* **Exercise objective**: Write out the entries once more, exactly as they appear.

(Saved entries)
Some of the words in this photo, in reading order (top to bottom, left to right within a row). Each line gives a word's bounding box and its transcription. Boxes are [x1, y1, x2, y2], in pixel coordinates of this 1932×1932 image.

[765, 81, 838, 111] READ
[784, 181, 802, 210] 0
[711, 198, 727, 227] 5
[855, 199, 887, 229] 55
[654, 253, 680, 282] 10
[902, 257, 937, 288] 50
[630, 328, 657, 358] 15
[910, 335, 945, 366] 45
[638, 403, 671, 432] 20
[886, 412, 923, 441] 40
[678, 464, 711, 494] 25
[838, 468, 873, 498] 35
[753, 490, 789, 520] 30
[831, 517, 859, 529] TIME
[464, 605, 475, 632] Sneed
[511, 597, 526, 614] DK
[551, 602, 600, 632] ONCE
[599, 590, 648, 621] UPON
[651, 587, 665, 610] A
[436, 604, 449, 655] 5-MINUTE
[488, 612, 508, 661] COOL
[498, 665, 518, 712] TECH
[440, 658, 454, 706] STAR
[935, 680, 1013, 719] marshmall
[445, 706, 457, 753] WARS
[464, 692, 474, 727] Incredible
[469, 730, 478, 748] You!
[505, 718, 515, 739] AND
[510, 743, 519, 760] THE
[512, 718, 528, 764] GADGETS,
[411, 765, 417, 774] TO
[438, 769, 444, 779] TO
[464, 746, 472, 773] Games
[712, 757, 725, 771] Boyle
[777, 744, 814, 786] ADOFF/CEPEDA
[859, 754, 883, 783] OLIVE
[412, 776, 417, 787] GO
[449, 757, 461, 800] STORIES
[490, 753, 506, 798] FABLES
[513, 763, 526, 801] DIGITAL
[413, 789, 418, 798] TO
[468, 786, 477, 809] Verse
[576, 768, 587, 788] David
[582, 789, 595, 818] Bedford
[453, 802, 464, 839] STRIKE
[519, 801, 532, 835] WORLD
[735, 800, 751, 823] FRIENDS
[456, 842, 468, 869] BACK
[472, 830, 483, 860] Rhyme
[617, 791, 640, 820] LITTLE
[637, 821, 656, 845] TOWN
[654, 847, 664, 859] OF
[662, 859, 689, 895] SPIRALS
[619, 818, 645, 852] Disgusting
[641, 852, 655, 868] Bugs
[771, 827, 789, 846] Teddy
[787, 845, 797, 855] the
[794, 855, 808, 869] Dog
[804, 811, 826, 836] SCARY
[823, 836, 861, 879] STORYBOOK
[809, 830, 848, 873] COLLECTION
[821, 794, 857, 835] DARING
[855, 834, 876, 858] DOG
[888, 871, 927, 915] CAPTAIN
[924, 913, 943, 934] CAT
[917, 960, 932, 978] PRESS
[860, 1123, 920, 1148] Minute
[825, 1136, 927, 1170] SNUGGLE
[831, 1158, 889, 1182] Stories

* **Written answer**:
Some of the words in this photo, in reading order (top to bottom, left to right within a row). Each line gives a word's bounding box and its transcription. Boxes are [x1, y1, x2, y2], in pixel coordinates of this 1932×1932 image.

[765, 81, 838, 111] READ
[784, 181, 802, 210] 0
[711, 198, 727, 227] 5
[855, 199, 887, 229] 55
[654, 253, 680, 282] 10
[902, 257, 937, 288] 50
[630, 328, 657, 358] 15
[910, 335, 945, 366] 45
[638, 403, 671, 432] 20
[886, 412, 923, 441] 40
[678, 464, 711, 494] 25
[838, 468, 873, 498] 35
[753, 490, 789, 520] 30
[831, 517, 859, 529] TIME
[464, 605, 475, 632] Sneed
[511, 597, 526, 614] DK
[551, 602, 600, 632] ONCE
[599, 590, 648, 621] UPON
[651, 587, 665, 610] A
[436, 604, 449, 655] 5-MINUTE
[488, 612, 508, 661] COOL
[498, 665, 518, 712] TECH
[440, 658, 454, 706] STAR
[935, 680, 1013, 719] marshmall
[445, 706, 457, 753] WARS
[464, 692, 474, 727] Incredible
[469, 730, 478, 748] You!
[505, 718, 515, 739] AND
[510, 743, 519, 760] THE
[512, 718, 528, 764] GADGETS,
[411, 765, 417, 774] TO
[438, 769, 444, 779] TO
[464, 746, 472, 773] Games
[712, 757, 725, 771] Boyle
[777, 744, 814, 786] ADOFF/CEPEDA
[859, 754, 883, 783] OLIVE
[412, 776, 417, 787] GO
[449, 757, 461, 800] STORIES
[490, 753, 506, 798] FABLES
[513, 763, 526, 801] DIGITAL
[413, 789, 418, 798] TO
[468, 786, 477, 809] Verse
[576, 768, 587, 788] David
[582, 789, 595, 818] Bedford
[453, 802, 464, 839] STRIKE
[519, 801, 532, 835] WORLD
[735, 800, 751, 823] FRIENDS
[456, 842, 468, 869] BACK
[472, 830, 483, 860] Rhyme
[617, 791, 640, 820] LITTLE
[637, 821, 656, 845] TOWN
[654, 847, 664, 859] OF
[662, 859, 689, 895] SPIRALS
[619, 818, 645, 852] Disgusting
[641, 852, 655, 868] Bugs
[771, 827, 789, 846] Teddy
[787, 845, 797, 855] the
[794, 855, 808, 869] Dog
[804, 811, 826, 836] SCARY
[823, 836, 861, 879] STORYBOOK
[809, 830, 848, 873] COLLECTION
[821, 794, 857, 835] DARING
[855, 834, 876, 858] DOG
[888, 871, 927, 915] CAPTAIN
[924, 913, 943, 934] CAT
[917, 960, 932, 978] PRESS
[860, 1123, 920, 1148] Minute
[825, 1136, 927, 1170] SNUGGLE
[831, 1158, 889, 1182] Stories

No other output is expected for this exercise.